With respect to all of these awards, dividends are not paid currently, but when awards vest, a payment is made equal to the dividends that would have been paid had those vested awards been entitled to receive current dividends. In October 2008, we suspended the payment of dividends on our common stock and do not anticipate paying dividends for the foreseeable future.

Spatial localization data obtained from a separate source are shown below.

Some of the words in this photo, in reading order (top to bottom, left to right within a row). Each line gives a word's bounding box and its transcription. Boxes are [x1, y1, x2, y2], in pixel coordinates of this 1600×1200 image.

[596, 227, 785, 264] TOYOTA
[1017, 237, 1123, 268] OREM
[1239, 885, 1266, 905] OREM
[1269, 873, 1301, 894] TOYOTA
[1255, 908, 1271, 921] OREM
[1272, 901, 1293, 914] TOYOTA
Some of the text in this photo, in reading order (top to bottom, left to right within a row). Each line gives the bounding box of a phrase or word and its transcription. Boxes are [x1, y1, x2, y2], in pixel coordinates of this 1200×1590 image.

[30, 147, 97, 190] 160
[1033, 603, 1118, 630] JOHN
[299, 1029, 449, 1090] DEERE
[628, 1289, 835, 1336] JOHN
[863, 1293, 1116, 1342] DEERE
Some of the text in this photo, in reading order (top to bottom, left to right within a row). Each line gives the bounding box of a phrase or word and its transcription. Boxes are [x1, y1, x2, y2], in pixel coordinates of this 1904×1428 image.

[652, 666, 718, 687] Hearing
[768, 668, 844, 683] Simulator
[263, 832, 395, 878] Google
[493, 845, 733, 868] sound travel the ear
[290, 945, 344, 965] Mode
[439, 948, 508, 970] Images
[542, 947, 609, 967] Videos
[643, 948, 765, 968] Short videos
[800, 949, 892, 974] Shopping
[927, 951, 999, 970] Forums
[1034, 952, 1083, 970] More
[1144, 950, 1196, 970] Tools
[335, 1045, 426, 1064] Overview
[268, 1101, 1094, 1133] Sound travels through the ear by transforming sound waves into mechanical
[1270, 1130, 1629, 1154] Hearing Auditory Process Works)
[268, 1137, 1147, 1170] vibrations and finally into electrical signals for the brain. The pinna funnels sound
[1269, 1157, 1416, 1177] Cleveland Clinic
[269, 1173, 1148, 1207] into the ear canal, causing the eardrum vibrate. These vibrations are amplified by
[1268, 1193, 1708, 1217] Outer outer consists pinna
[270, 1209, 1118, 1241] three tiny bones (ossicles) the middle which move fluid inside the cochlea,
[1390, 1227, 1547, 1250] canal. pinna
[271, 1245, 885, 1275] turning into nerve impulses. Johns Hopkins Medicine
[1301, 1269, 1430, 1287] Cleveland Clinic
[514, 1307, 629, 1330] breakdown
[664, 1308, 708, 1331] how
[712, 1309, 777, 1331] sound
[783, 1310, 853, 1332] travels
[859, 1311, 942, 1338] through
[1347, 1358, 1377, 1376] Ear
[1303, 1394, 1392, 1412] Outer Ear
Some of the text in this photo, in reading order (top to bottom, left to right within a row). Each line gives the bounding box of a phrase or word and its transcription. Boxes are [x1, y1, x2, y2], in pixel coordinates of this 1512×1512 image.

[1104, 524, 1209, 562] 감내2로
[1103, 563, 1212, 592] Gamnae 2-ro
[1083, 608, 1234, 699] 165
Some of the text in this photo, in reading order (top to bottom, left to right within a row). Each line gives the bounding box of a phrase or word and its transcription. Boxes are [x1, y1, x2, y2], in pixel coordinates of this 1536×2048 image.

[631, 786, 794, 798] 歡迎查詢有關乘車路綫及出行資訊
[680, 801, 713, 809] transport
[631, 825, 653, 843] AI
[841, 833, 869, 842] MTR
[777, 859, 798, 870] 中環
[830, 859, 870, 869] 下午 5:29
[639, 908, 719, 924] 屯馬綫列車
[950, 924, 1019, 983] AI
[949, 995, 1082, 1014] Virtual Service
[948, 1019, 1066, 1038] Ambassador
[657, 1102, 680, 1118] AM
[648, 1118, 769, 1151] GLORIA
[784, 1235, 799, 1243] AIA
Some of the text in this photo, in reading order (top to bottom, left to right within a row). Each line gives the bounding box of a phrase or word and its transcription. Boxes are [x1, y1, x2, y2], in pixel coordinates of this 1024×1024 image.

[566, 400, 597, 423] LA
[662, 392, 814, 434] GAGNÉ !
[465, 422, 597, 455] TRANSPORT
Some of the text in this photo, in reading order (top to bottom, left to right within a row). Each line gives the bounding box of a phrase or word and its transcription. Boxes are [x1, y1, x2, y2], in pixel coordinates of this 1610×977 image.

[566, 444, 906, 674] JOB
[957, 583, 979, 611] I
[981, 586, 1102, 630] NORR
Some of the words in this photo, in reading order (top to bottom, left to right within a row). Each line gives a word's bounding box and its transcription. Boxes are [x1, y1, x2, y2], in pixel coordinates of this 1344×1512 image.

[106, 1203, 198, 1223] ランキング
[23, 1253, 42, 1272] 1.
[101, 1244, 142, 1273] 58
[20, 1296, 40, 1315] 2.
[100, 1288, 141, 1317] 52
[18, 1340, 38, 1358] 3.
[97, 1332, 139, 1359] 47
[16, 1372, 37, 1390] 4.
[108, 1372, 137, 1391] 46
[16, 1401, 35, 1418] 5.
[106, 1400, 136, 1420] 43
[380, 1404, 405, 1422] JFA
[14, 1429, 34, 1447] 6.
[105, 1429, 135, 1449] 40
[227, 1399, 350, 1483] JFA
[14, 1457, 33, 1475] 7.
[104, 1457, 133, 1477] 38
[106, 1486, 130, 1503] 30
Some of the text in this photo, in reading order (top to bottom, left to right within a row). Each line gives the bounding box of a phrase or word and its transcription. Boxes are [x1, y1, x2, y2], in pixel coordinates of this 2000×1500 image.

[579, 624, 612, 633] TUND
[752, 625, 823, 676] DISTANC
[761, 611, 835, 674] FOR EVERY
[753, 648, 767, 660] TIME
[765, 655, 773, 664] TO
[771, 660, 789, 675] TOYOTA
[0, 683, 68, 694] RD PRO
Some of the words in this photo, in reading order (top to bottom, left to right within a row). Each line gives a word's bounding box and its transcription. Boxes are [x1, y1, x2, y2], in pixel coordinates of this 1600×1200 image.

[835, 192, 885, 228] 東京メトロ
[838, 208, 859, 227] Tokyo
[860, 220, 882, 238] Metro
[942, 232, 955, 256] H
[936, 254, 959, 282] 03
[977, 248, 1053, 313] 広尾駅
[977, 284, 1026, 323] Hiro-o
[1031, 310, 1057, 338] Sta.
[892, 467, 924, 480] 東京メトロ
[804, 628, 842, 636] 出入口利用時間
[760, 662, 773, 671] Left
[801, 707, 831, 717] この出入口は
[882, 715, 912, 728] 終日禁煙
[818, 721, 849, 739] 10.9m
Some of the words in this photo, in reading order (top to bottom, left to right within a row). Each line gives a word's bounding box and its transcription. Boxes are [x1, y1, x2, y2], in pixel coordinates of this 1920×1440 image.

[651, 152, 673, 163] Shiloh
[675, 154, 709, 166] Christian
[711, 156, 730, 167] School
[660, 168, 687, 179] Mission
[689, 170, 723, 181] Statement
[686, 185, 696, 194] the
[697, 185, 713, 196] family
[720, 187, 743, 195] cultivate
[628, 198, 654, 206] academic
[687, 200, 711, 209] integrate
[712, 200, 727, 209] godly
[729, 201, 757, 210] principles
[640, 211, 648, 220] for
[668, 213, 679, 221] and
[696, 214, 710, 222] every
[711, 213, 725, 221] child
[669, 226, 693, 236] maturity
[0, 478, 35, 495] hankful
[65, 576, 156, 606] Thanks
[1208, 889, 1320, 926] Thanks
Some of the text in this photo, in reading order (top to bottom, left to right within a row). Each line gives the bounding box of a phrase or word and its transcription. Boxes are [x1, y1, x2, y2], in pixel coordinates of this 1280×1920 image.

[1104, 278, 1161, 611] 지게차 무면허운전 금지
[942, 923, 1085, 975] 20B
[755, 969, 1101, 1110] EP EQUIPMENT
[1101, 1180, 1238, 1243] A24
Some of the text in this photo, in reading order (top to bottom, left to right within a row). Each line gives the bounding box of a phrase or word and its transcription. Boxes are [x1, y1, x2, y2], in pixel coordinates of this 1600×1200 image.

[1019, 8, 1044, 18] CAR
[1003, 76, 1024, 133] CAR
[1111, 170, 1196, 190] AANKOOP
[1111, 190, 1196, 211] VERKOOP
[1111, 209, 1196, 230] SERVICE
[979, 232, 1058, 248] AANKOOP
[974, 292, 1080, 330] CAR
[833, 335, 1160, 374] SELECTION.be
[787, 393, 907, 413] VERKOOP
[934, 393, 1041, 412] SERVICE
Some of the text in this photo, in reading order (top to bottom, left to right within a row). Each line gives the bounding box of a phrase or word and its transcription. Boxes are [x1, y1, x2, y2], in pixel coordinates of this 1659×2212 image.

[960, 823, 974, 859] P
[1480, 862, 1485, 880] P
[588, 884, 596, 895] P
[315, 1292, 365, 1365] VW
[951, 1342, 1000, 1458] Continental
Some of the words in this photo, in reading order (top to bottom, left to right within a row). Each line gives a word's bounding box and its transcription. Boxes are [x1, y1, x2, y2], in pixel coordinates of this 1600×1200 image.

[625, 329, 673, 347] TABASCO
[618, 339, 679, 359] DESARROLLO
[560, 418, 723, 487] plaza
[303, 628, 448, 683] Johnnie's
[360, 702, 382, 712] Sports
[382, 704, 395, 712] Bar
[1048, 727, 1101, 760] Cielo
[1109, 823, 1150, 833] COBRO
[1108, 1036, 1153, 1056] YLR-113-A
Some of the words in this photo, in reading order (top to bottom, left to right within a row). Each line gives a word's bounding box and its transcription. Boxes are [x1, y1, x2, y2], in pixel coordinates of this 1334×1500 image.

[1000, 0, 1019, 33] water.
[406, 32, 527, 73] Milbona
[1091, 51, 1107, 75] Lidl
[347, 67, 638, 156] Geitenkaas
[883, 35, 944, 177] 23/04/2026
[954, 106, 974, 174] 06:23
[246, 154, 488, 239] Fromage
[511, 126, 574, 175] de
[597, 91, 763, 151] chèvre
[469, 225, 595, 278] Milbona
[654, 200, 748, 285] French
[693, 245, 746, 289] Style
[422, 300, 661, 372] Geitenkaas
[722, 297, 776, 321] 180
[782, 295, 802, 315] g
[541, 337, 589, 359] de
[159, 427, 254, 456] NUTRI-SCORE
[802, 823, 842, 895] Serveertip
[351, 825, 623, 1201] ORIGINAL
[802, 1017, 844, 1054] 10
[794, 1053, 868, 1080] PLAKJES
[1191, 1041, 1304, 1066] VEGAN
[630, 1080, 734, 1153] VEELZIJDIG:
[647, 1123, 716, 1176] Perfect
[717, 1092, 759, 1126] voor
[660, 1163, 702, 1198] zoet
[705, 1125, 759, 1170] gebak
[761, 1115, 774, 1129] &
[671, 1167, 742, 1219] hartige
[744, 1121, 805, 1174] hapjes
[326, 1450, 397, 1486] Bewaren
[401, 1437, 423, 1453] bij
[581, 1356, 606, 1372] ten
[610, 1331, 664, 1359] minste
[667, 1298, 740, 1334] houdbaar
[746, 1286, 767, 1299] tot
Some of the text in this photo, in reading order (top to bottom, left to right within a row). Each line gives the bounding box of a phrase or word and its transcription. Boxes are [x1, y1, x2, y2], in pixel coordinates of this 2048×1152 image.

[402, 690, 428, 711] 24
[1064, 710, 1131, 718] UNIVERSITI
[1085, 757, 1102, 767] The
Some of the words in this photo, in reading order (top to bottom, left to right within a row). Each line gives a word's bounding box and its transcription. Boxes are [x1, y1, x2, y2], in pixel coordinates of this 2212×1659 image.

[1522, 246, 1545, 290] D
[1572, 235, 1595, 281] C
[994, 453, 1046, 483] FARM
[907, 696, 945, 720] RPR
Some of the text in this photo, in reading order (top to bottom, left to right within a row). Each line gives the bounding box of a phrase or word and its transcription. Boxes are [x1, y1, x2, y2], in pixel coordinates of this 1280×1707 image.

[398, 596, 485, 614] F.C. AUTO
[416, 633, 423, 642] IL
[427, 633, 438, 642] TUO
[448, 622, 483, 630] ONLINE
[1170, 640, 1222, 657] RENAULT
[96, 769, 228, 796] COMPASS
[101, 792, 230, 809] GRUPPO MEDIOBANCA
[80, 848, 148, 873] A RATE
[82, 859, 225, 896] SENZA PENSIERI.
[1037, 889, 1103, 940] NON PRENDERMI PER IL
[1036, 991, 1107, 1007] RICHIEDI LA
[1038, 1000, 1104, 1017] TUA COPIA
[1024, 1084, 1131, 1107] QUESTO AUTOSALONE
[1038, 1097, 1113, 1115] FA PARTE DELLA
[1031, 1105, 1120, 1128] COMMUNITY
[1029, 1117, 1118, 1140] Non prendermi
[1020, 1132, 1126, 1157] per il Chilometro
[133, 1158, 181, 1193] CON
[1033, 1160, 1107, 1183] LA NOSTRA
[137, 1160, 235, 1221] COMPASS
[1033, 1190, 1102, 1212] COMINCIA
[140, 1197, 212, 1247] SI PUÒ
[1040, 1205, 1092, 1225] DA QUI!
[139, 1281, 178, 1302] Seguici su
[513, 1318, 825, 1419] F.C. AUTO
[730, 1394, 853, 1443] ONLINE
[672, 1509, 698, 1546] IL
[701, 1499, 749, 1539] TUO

For 2013, MGIC's Loss Ratio was 1.2% (which was better than the Maximum performance level), the Expense Ratio was 18.6% (which for 2013 grants was between the Target and Maximum performance levels and for the 2011 and 2012 grants, was between the Threshold and Target performance levels) and Market Share was 17.0% (which for 2012 and 2013 grants was between the Threshold and Target performance levels and for 2011 grants was below the Threshold level). As a result, in March 2014, 24.5% of the performance-based equity awards granted in 2013 vested, 20.9% of the performance-based equity awards granted in 2012 vested and 18.4% of the performance-based equity awards granted in 2011 vested. The remaining 25.2% of the equity awards granted in 2011 were forfeited. Assuming 2014 and 2015 performance have the same relationship to target performance as 2013 performance, 31.5% of the equity awards granted in 2012 will be forfeited in 2015 and 26.5% of the equity awards granted in 2013 will be forfeited in 2016.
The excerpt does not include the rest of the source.